Los Heat salvan el honor y Boston se acerca al play-in

Heat y Celtics, últimos finalistas de la Conferencia Este, luchan ahora por evitar un play-in al que los verdes se acercan de forma casi definitiva.

Hace unos meses, Heat y Celtics luchaban por las Finales de la NBA. Lo hacían, los primeros, tras unos espectaculares playoffs en los que aprovecharon la ausencia de ventaja de campo para plantarse en una ronda inesperada; y los segundos, tras vencer en siete durísimos partidos a los Raptors y con el proyecto en juego, uno que ha pisado esa eliminatoria hasta en tres ocasiones pero no ha podido acceder a la última de todas. Tiempo después, los dos equipos que quisieron dar el salto definitivo para luchar por el anillo son los perdedores de la temporada. Una atípica, sí, marcada por el coronavirus, la ausencia casi total de público (que ya empieza a aparecer en la mayoría de las pistas), con un calendario condensado, muchas mascarillas y una cantidad ingente de problemas para todos los equipos. Pero una en la que ambos equipos han demostrado sus carencias, con proyectos prometedores que se encuentran en momentos distintos pero con unas aspiraciones que eran incluso de anillo a inicios de curso, y que ahora pasan por evitar el play-in, esa especie de previa que la NBA se inventó el año pasado y ha duplicado en el actual, buscando prolongar la agonía que siempre supone la emocionante lucha por los playoffs.

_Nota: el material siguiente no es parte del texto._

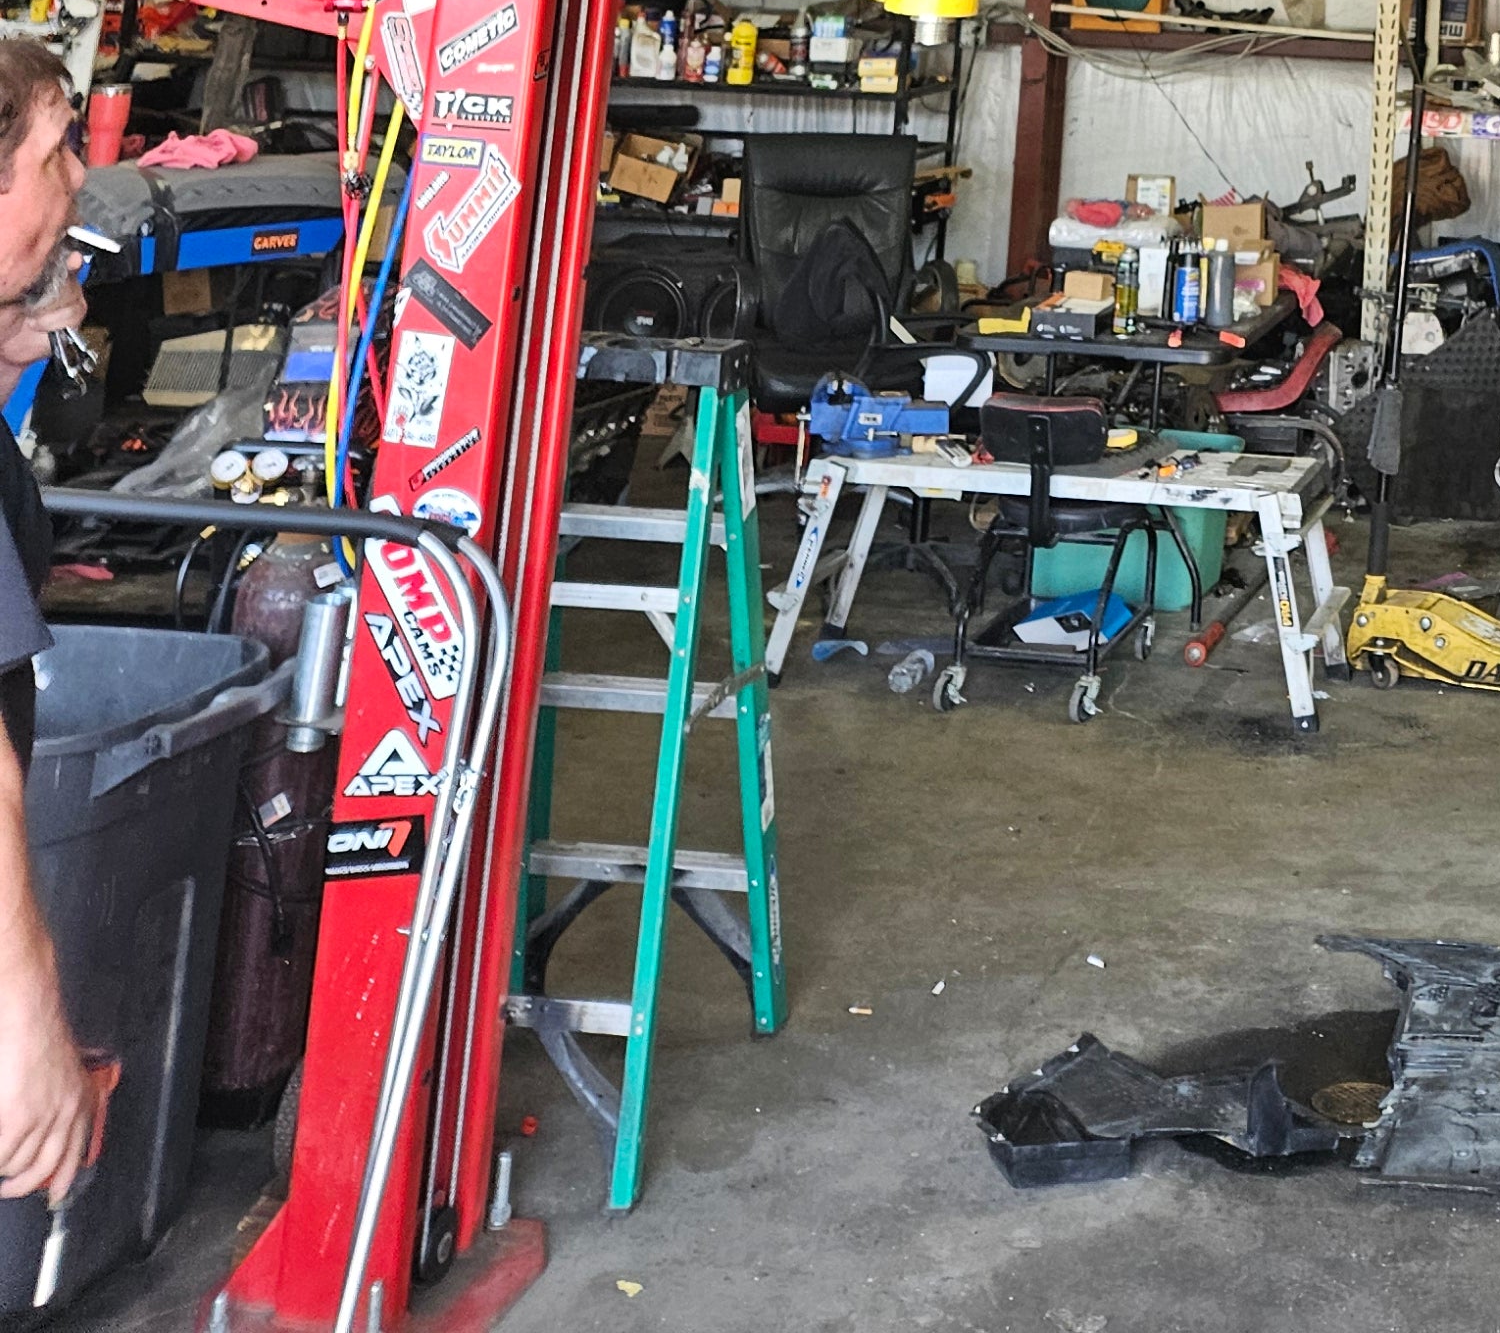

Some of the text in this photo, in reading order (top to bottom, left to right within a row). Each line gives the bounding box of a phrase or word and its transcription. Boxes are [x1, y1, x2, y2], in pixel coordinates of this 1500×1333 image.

[427, 144, 477, 159] TAYLOR
[403, 610, 443, 678] CAMS
[363, 611, 443, 747] APEX
[343, 774, 440, 797] APEX
[327, 827, 394, 854] ONI

Parece que serán los Celtics, y no los Heat, los que se verán abocados a disputar ese play-in. Repetirán el duelo que han tenido hoy en el Garden en apenas tres días, pero el margen cada vez es menor para remontar una distancia que sube ya a dos victorias del sexto puesto que ocupa Miami. El encuentro de hoy se antojaba clave y ha sido solo una muestra más de que la herida del equipo verde sigue sangrando sin que haya sutura posible. Todo parece indicar que, si los Celtics disputan los playoffs (parece impensable que eso no ocurra, pero...) se despedirán a las primeras de cambio (ahora mismo se enfrentarían a los Nets, y eso lo dice todo) e iniciarán un verano que se verá marcado por la reflexión constante. Desde Danny Ainge, uno de los directivos más cuestionados (en estos momentos) de la NBA, hasta un Brad Stevens al que se le han acabado los argumentos y que ya nadie compara con Gregg Popovich.

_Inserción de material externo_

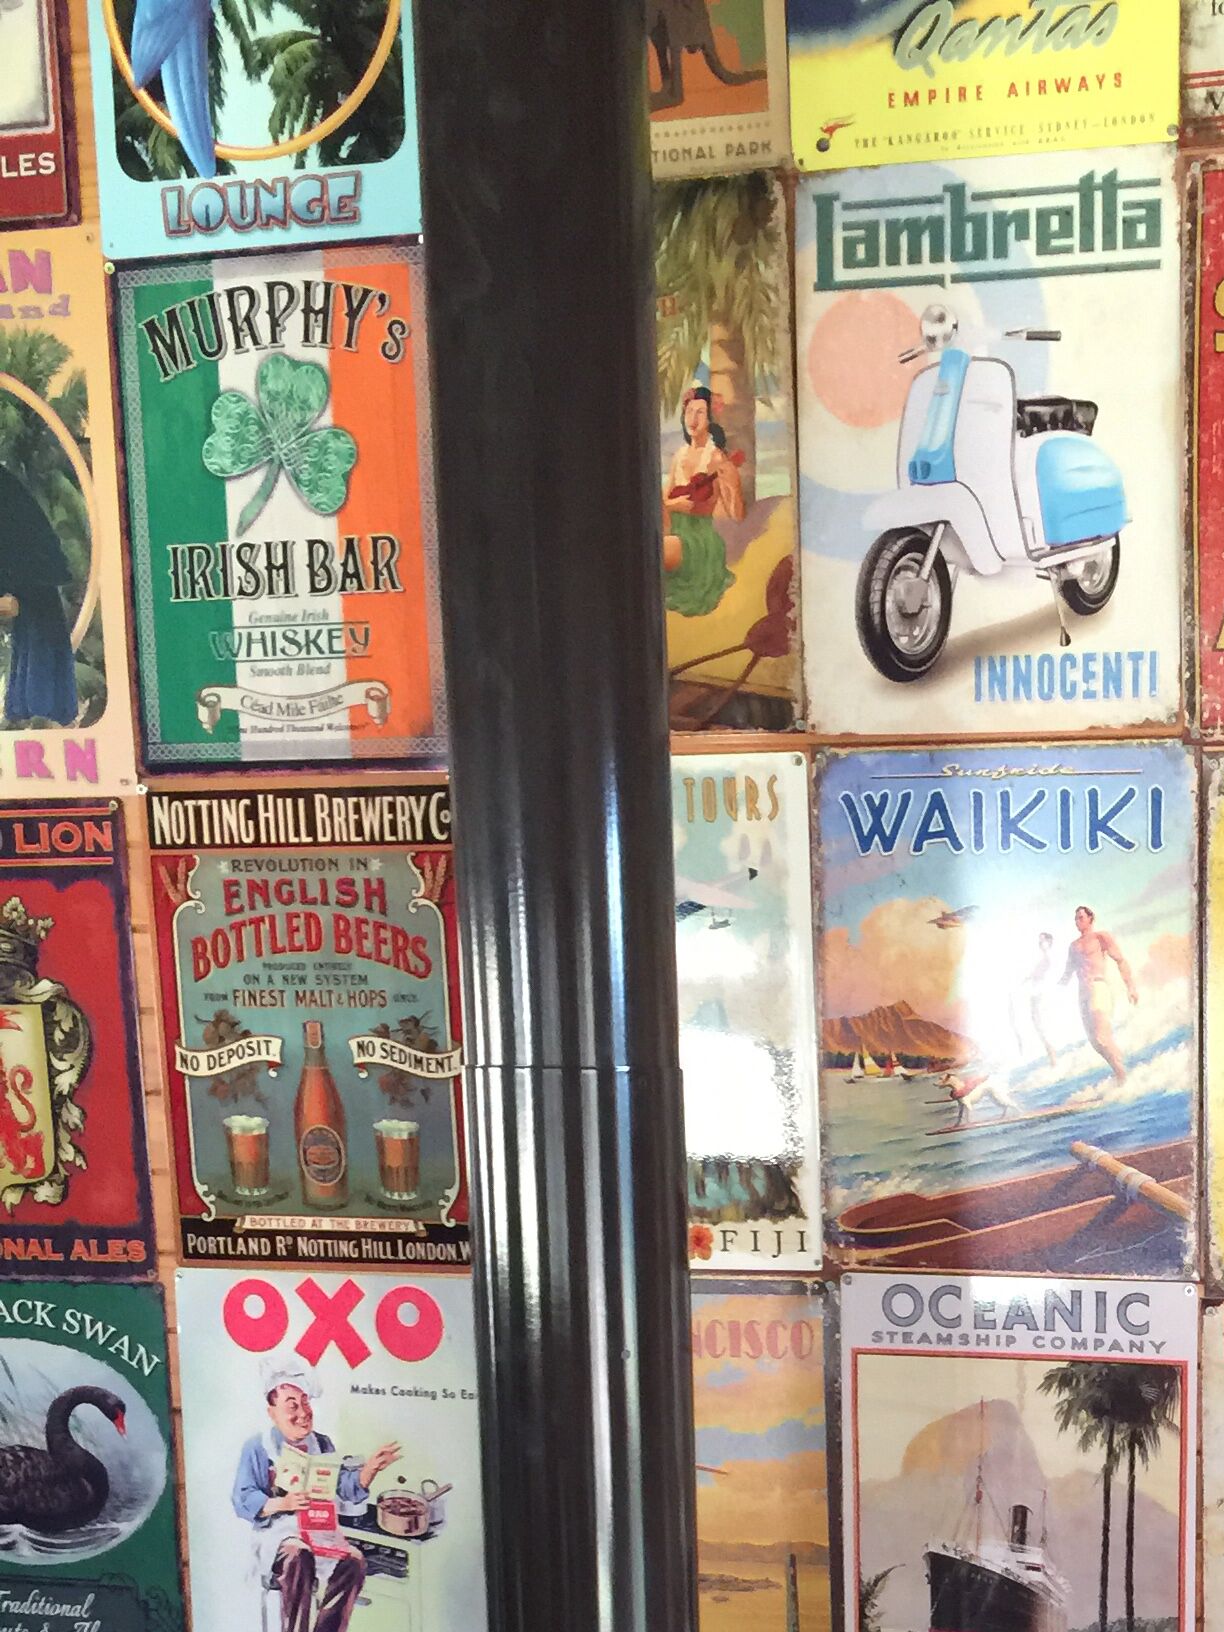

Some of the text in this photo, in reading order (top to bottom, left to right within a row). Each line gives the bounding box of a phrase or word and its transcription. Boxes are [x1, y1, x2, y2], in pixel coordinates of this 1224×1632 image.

[893, 0, 1119, 78] Qantas
[887, 72, 1124, 109] EMPIRE AIRWAYS
[725, 140, 772, 157] PARK
[161, 170, 362, 238] LOUNGE
[812, 168, 1162, 290] Lambretta
[167, 533, 405, 602] IRISH BAR
[209, 624, 371, 662] WHISKEY
[973, 650, 1160, 703] INNOCENTI
[682, 774, 780, 823] TOURS
[13, 820, 113, 854] LION
[151, 791, 430, 846] NOTTING HILL BREWERY
[838, 785, 1167, 857] WAIKIKI
[230, 856, 368, 873] REVOLUTION IN
[222, 876, 389, 917] ENGLISH
[189, 911, 433, 983] BOTTLED BEERS
[243, 973, 368, 985] ON NEW SYSTEM
[232, 989, 287, 1009] FINEST
[295, 989, 334, 1009] MALT
[348, 989, 388, 1008] HOPS
[178, 1055, 201, 1072] NO
[355, 1040, 377, 1058] NO
[250, 1217, 307, 1229] BOTTLED
[355, 1219, 411, 1231] BREWERY
[719, 1228, 808, 1255] FIJI
[70, 1238, 147, 1263] ALES
[187, 1233, 359, 1259] PORTLAND NOTTING
[222, 1277, 445, 1371] OXO
[881, 1283, 1152, 1337] OCEANIC
[62, 1307, 162, 1378] SWAN
[871, 1329, 1168, 1356] STEAMSHIP COMPANY
[350, 1383, 438, 1402] Makes Cooking

Jimmy Butler fue el líder y el vergudo del equipo de Erik Spoelstra, en el que (casi) todos aportaron. El alero finalizó con 26 puntos, 8 rebotes y 11 asistencias, potenciando ese perfil distribuidor que ha desarrollado al máximo a los mandos de un entrenador muy bueno, pero que no ha dado con la tecla este año. Eso sí, en caso de que Miami finalice en su posición actual la regular season, se las verá con los Bucks de Giannis Antetokounmpo en primera ronda. Sí, los mismos a los que eliminaron el año pasado con una exhibición táctica a la que no pudo responder Mike Budenholzer, otro técnico cuestionado y que se la juege en playoffs. Volviendo al Garden, Bam Adebayo finalizó con 20 puntos y 6 rebotes, Duncan Robinson anotó 22 con 6 de 10 en triples, Trevor Ariza alargó su segunda juventud y sumó 19, y Tyler Herro llegó a la misma cifra desde el banquillo. Con eso, y un poco de Goran Dragic (9+7), los Heat se hicieron con un encuentro que dominaban al descanso (79-53, con 43 puntos anotados en el segundo cuarto) y que se dedicaron a gestionar en la segunda mitad.

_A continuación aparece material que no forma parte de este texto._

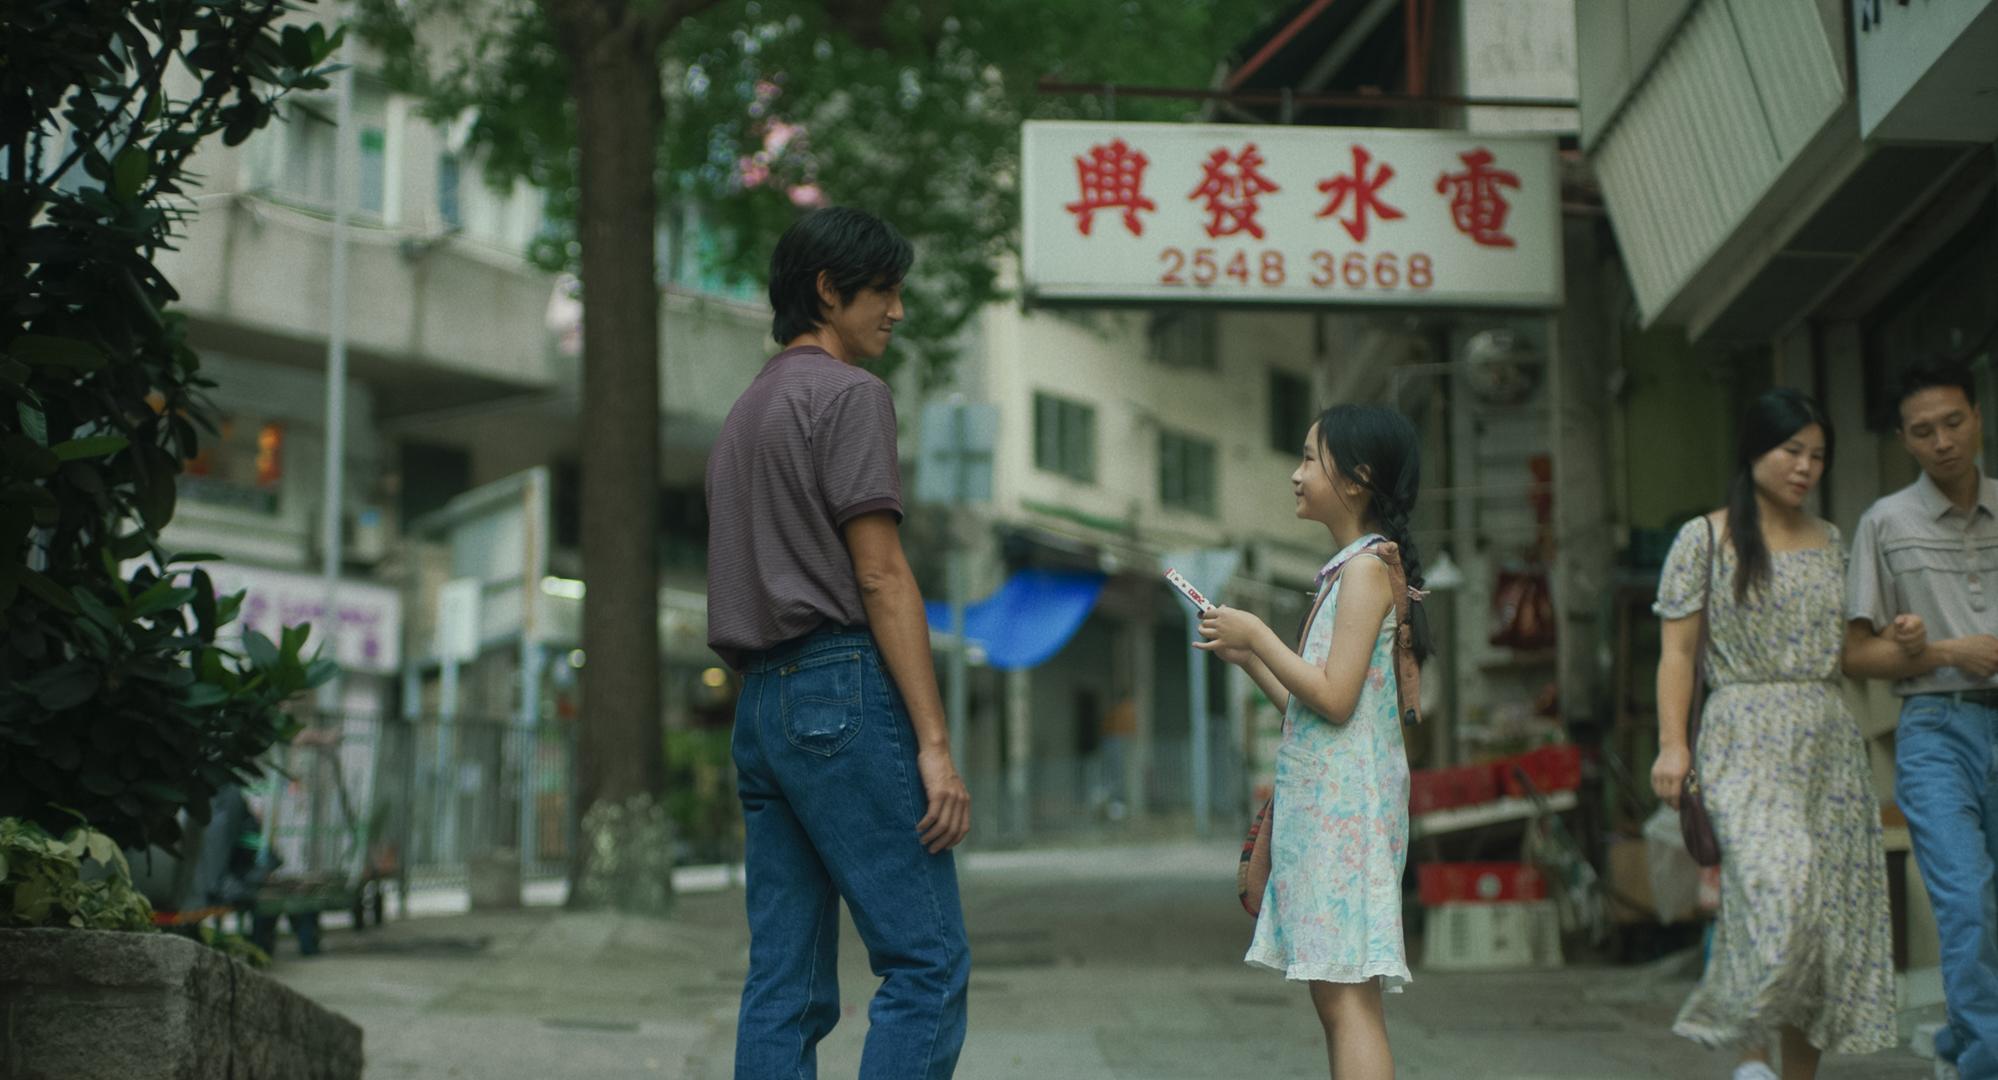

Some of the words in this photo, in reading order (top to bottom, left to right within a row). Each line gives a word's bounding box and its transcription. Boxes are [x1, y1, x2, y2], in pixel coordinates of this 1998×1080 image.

[1065, 138, 1521, 249] 興發水電
[1160, 249, 1285, 287] 2548
[1311, 253, 1434, 290] 3668

En los Celtics, un poco de todo y mucho de nada. Jayson Tatum hizo otro gran partido, con 29 puntos, 5 rebotes, 6 asistencias y 11 de 16 en tiros de campo, pero de nuevo, su actuación fue insuficiente. En esta ocasión, estuvo acompañado de un espectacular Evan Fournier, que se fue a 30 puntos y 8 asistencias con 7 de 11 en triples.Marcus Smart sumó 16 puntos (y 6 pérdidas), Kemba 18 (con 5 de 12 en tiros), Aaron Nesmith otros 16, Tristan Thompson trabajó bien bajo los tableros (12 rebotes)... pero nada. La pírrica defensa de la primera parte y la tardía reacción deja a los Celtics séptimos con cuatro partidos por delante para terminar la temporada regular. Y con la segunda derrota consecutiva y la tercera en cuatro partidos. En fin, otro desastre y un partido entre dos equipos que están en una pelea muy distinta a la que estaban el año pasado. Y que tienen mucho en lo que pensar. Especialmente los Celtics, sobrepasados por la realidad y con el proyecto en jaque. Y casi mate.